Tweet

Marcus Mengs

Follow @mame82

12 Jan, 62 tweets, 18 min read

@radareorg

Okay, doing my first baby steps with r2frida (which combines the power of @radareorg and @fridadotre).

Gonna share my progress in this thread (live, so keep calm).

The goal: Runtime inspection of data sent out by TikTok !!before!! it gets encrypted

1/many

First of all, we do not start from zero. I got some prior knowledge from past reversing attempts and want to share some important facts.

TikTok's (log data) encryption is accomplished by a native library. The Android Java code just serves as proxy function to the native function

The decompiled code for the respective native JNI function of an older TikTok version looks something like this, but in this example I use the most current TT version (no statical analysis done, yet)

@maddiestone

In case you never reversed native libraries which were build to interface with Android Java layer via JNI, I highly suggest the entry level introduction on the topic by @maddiestone

Before we start, I want to pinpoint some important aspects (which are also covered by Maddie's videos).

1) Unlike raw C-functions, JNI functions like the one showcased above, receive pointers to complex Java objects .

F.e. a function receiving a String on the Java layer...

... would receive a pointer to a 'jstring' on the native layer (not a zero-terminated C-String).

In order to retrieve a C-String, to go on working with it in the native code, some translation functionality is required. This functionality is provided by the ...

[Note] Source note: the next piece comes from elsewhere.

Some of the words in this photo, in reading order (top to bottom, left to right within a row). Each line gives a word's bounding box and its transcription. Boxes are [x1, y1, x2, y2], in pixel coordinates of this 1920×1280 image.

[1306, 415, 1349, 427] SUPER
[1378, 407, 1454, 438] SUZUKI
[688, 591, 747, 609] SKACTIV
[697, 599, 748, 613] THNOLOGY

JNI (Java Native Interface). The JNI environment is passed in to JNI functions as first parameter.

If you look at the example screenshot again, you see exactly this. Functions provided by the 'env' pointer are used to parse the Java function arguments (f.e. jByteArrays) ...

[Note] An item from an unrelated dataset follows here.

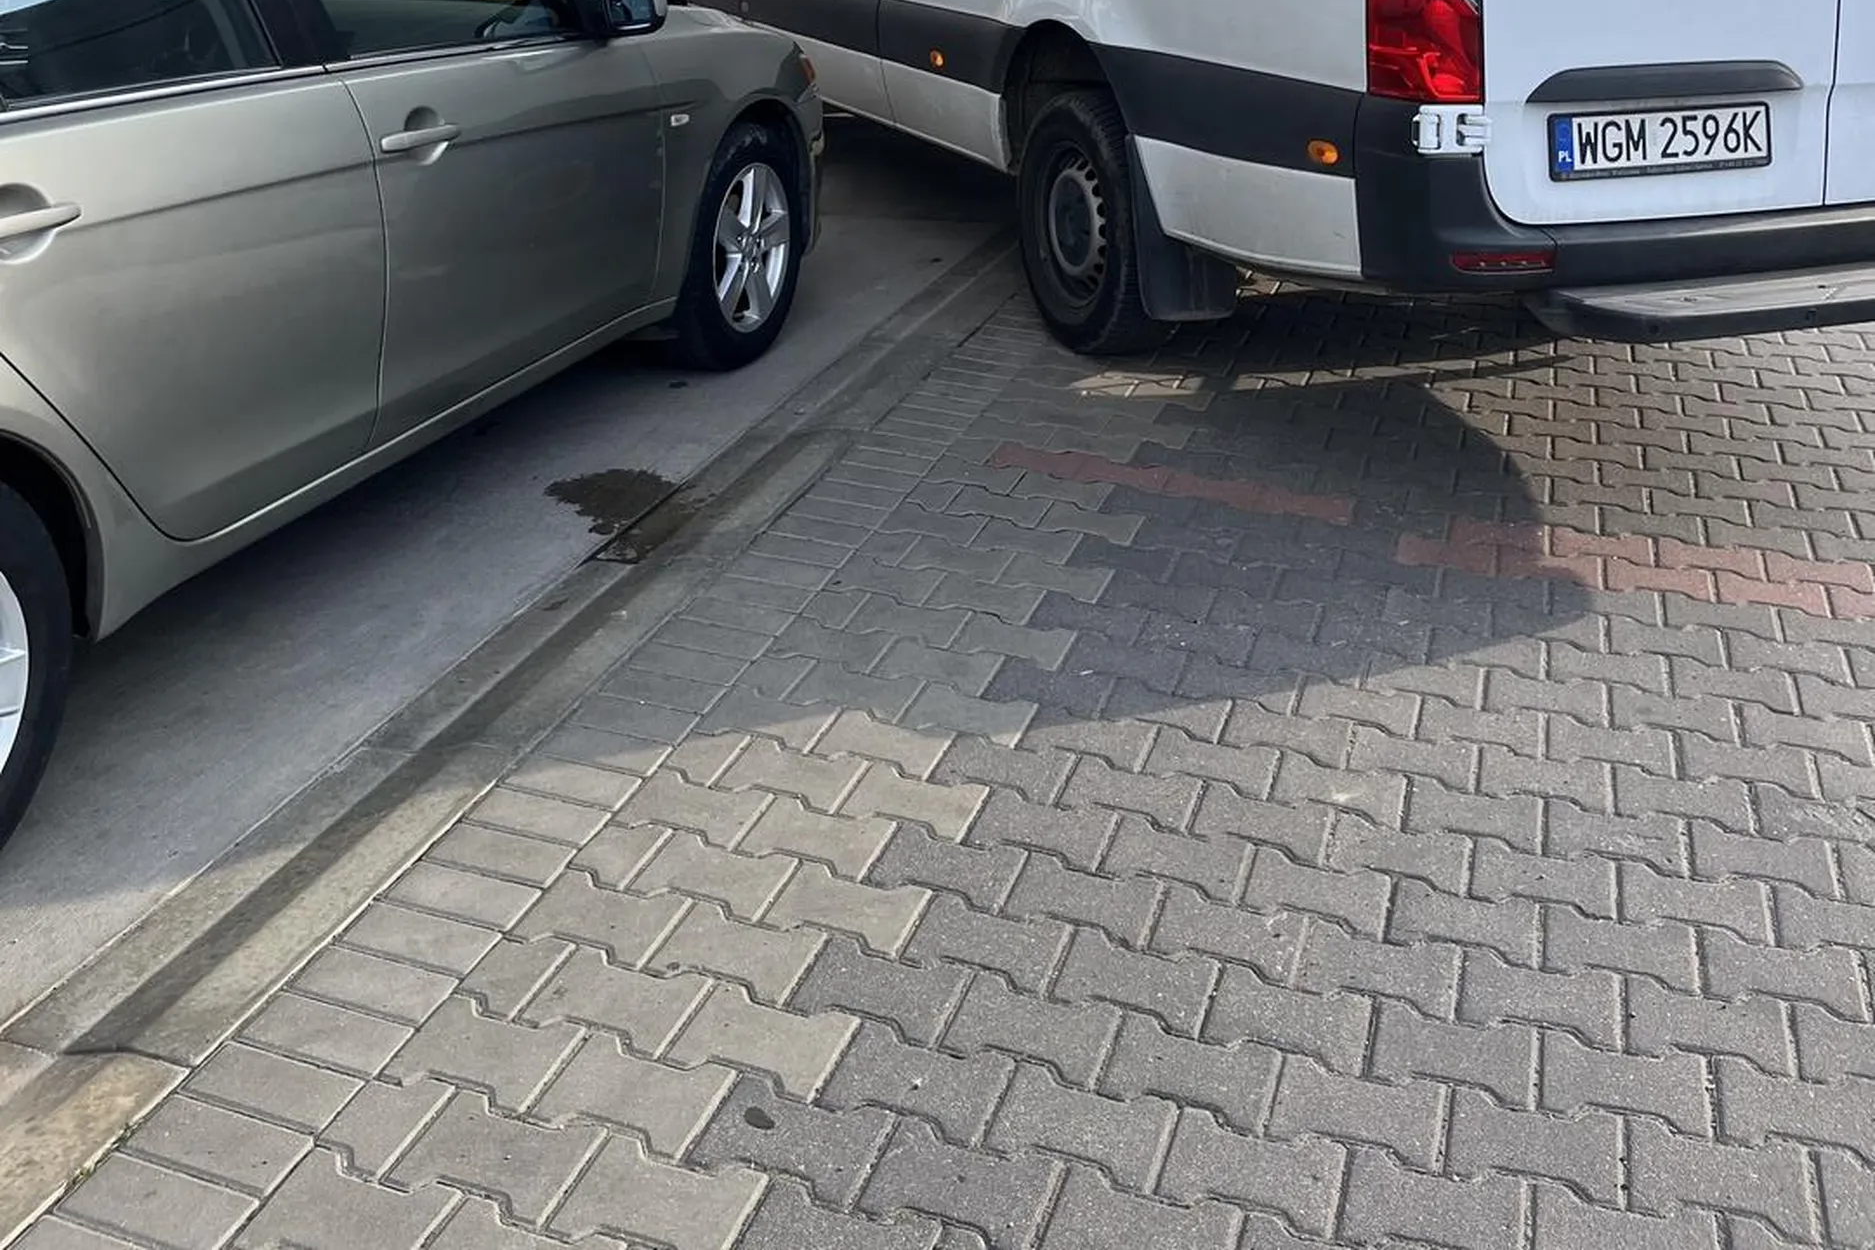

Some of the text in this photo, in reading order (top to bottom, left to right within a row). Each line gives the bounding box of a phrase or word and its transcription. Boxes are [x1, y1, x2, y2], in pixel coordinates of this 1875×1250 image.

[1577, 110, 1764, 165] WGM 2596K
[1557, 151, 1572, 163] PL

Once the raw data is converted to a more C-ish form, it gets passed to a inner function 'ss_encrypt' in my example. The inner function, in this case, is a pure C function and thus receives only C-style parameters (also no 'env' parameter, so it would not be able to access JNI)

@maddiestone

A 2nd important aspect on JNI libraries, covered by @maddiestone

2) There are two ways to expose JNI methods from a native library:

a) export them with proper naming convention, so that JNI could recognize same on library load
b) use the JNI functionality 'registerNatives'...

... to register the JNI functions once the library gets loaded.

The second method of registering methods is wel suited for obfuscated code, as the methods neither have to follow naming convention, nor do they have to be exported.

As you might expect, TikTok uses the 'registerNative' approach. The screenshot below shows log output from a custom tool, which monitors JNI methods registered by instrumented Android apps (TikTok's encryption method in the example)

If you would decompile the Java part of the TikTok apk, the encryption functionality (on an older version) would look something like this:

The Java method 'm18421a' receives a Java 'byte[]' and a Java 'int' as parameters and returns a 'byte[]', again.

Internally, this data is forwarded to the native JNI method 'ttEncrypt'.

The important aspect about this, is that the native 'ttEncrypt' JNI method has to accept those exact parameter types and thus has to "register" with a proper method signature.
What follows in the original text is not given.